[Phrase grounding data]
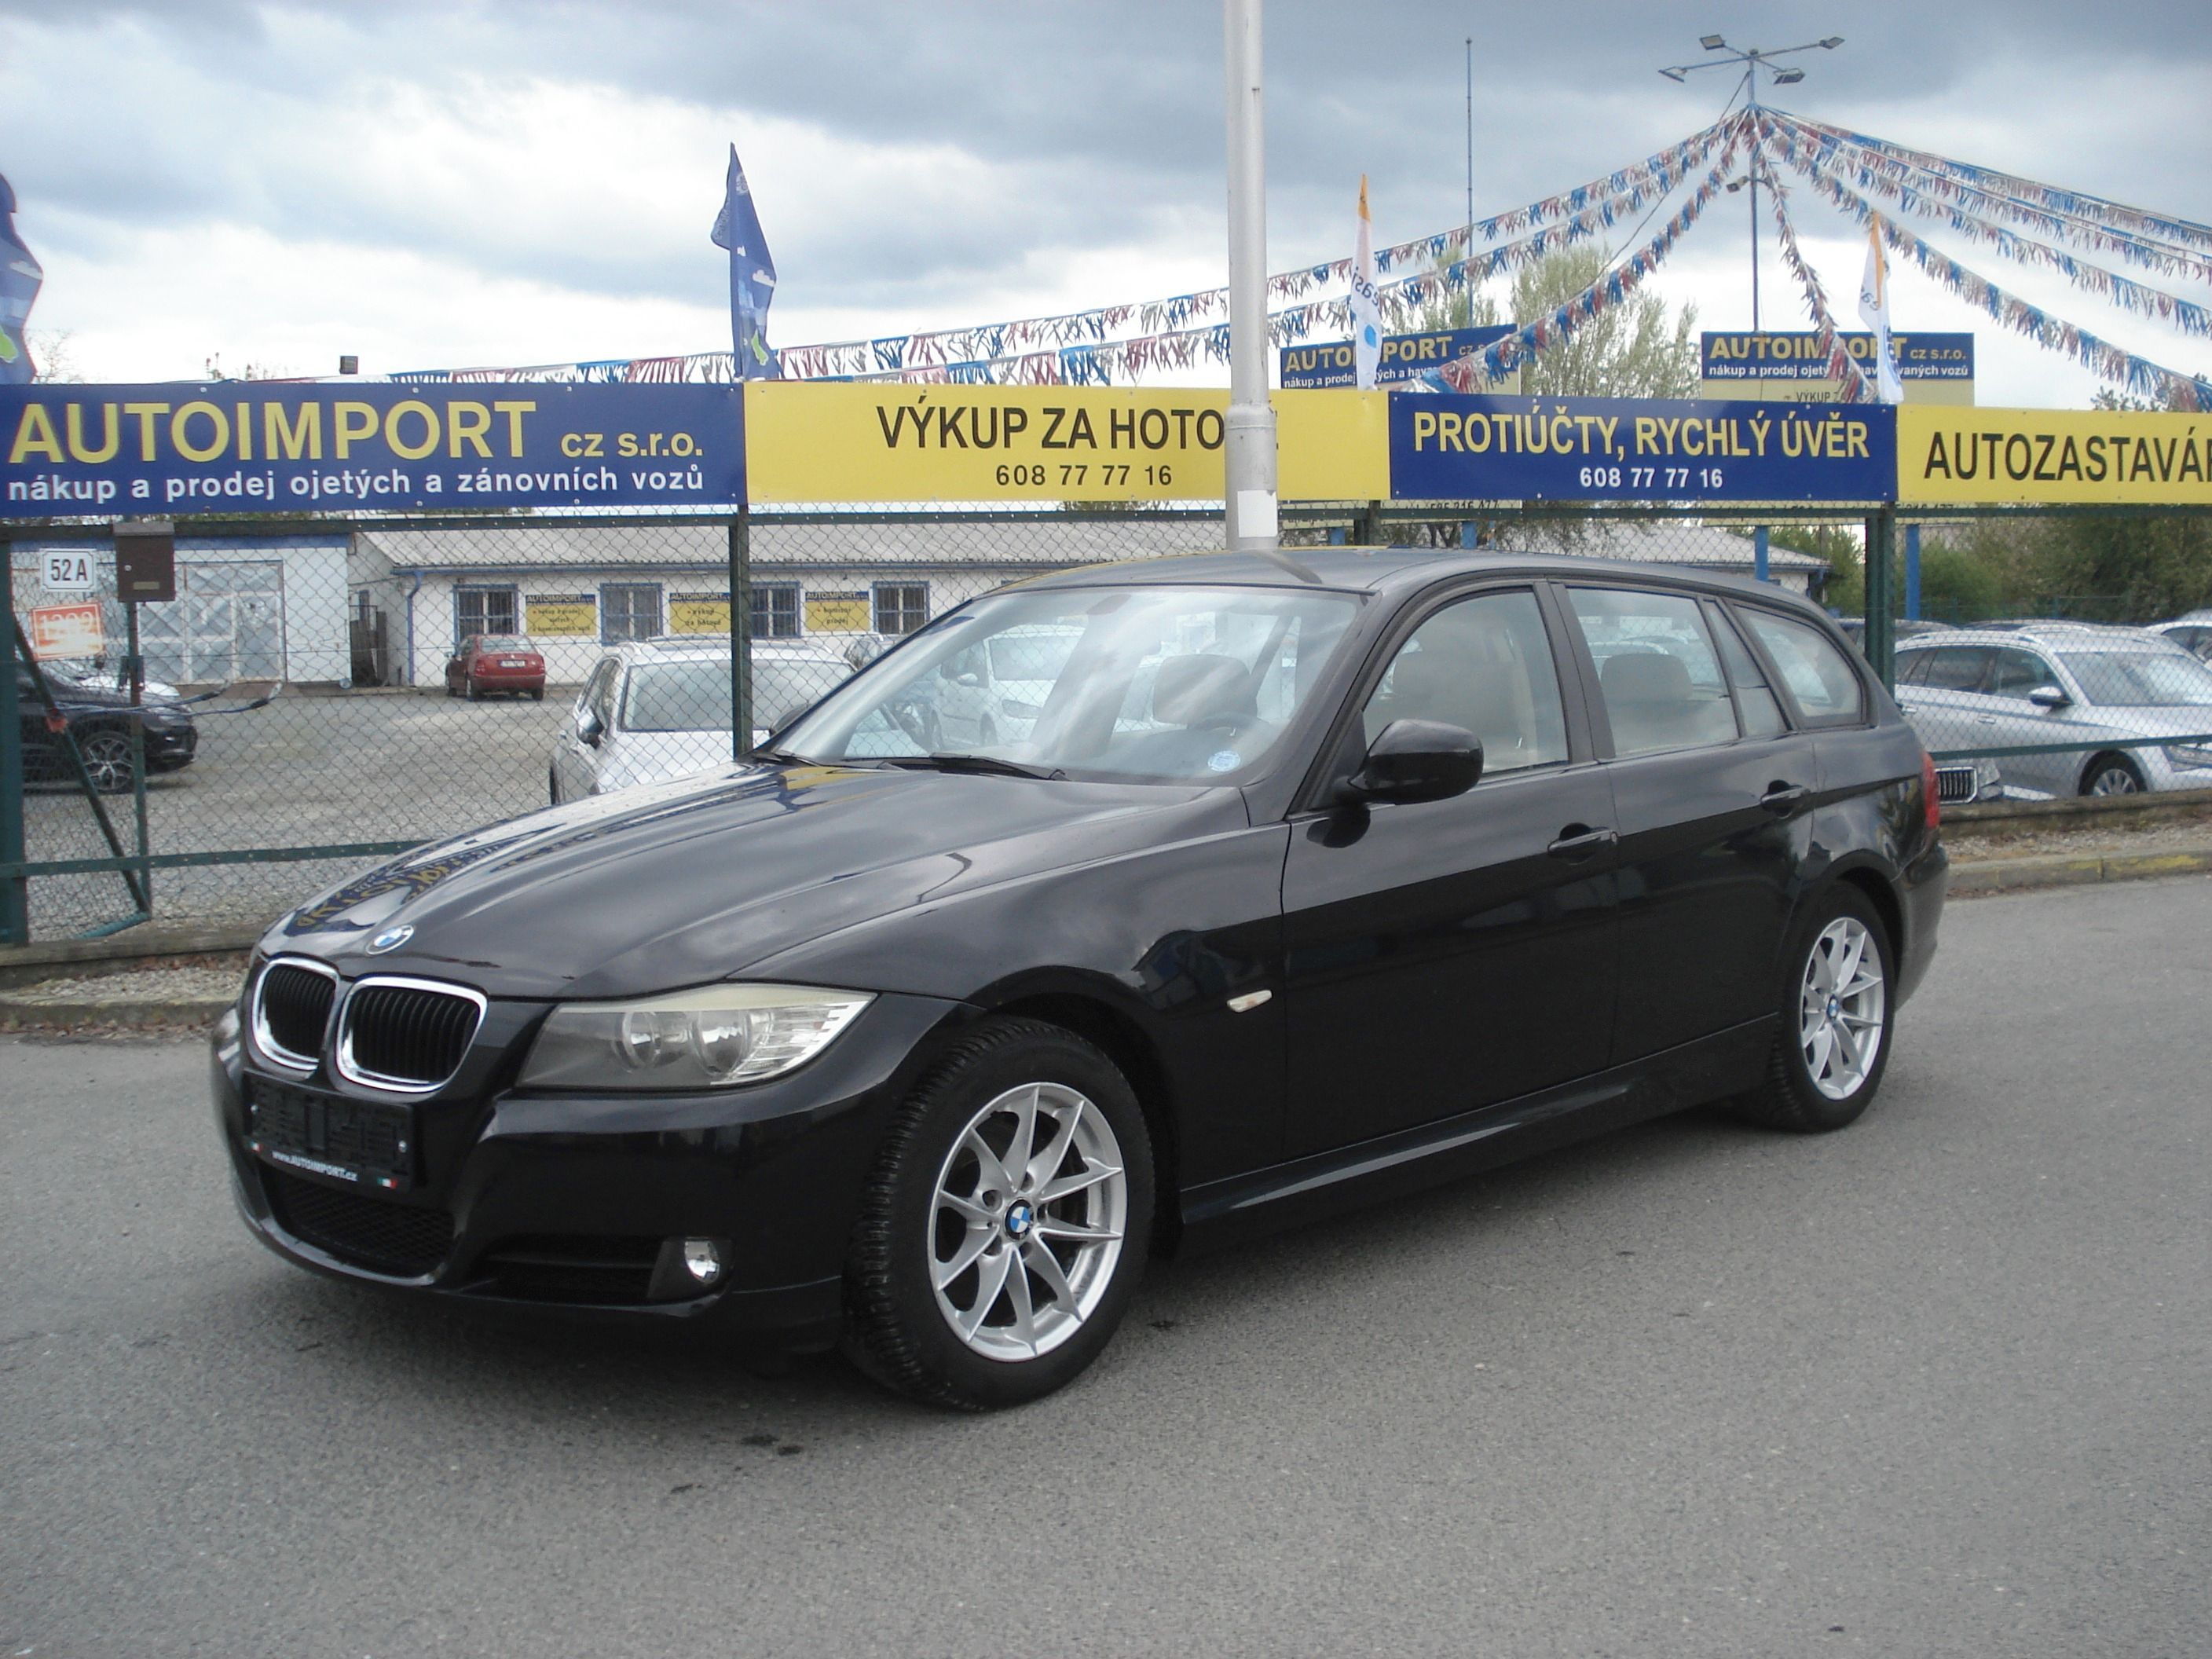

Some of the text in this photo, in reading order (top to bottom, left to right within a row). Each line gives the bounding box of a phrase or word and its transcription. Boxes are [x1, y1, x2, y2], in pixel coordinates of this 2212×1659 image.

[1284, 335, 1452, 373] AUTOIPORT
[1709, 336, 1907, 360] AUTOIMOT
[1284, 375, 1314, 389] nákup
[1325, 372, 1356, 386] prodej
[1709, 364, 1745, 378] nákup
[1749, 367, 1756, 375] a
[1760, 364, 1797, 378] prodej
[9, 400, 537, 463] AUTOIMPORT
[617, 432, 703, 457] s.r.o.
[877, 395, 1279, 450] VÝKUP ZA HOTO
[1415, 405, 1870, 462] PROTIÚČTY, RYCHLÝ ÚVĚR
[9, 463, 703, 504] nákup a prodej ojetých a zánovních vozů
[996, 465, 1172, 485] 608 77 77 16
[1580, 467, 1723, 488] 608 77 77 16

- Required work: Please reproduce the entries above line by line, exactly, leaving out each image.

- Solution for this exercise:
Some of the text in this photo, in reading order (top to bottom, left to right within a row). Each line gives the bounding box of a phrase or word and its transcription. Boxes are [x1, y1, x2, y2], in pixel coordinates of this 2212×1659 image.

[1284, 335, 1452, 373] AUTOIPORT
[1709, 336, 1907, 360] AUTOIMOT
[1284, 375, 1314, 389] nákup
[1325, 372, 1356, 386] prodej
[1709, 364, 1745, 378] nákup
[1749, 367, 1756, 375] a
[1760, 364, 1797, 378] prodej
[9, 400, 537, 463] AUTOIMPORT
[617, 432, 703, 457] s.r.o.
[877, 395, 1279, 450] VÝKUP ZA HOTO
[1415, 405, 1870, 462] PROTIÚČTY, RYCHLÝ ÚVĚR
[9, 463, 703, 504] nákup a prodej ojetých a zánovních vozů
[996, 465, 1172, 485] 608 77 77 16
[1580, 467, 1723, 488] 608 77 77 16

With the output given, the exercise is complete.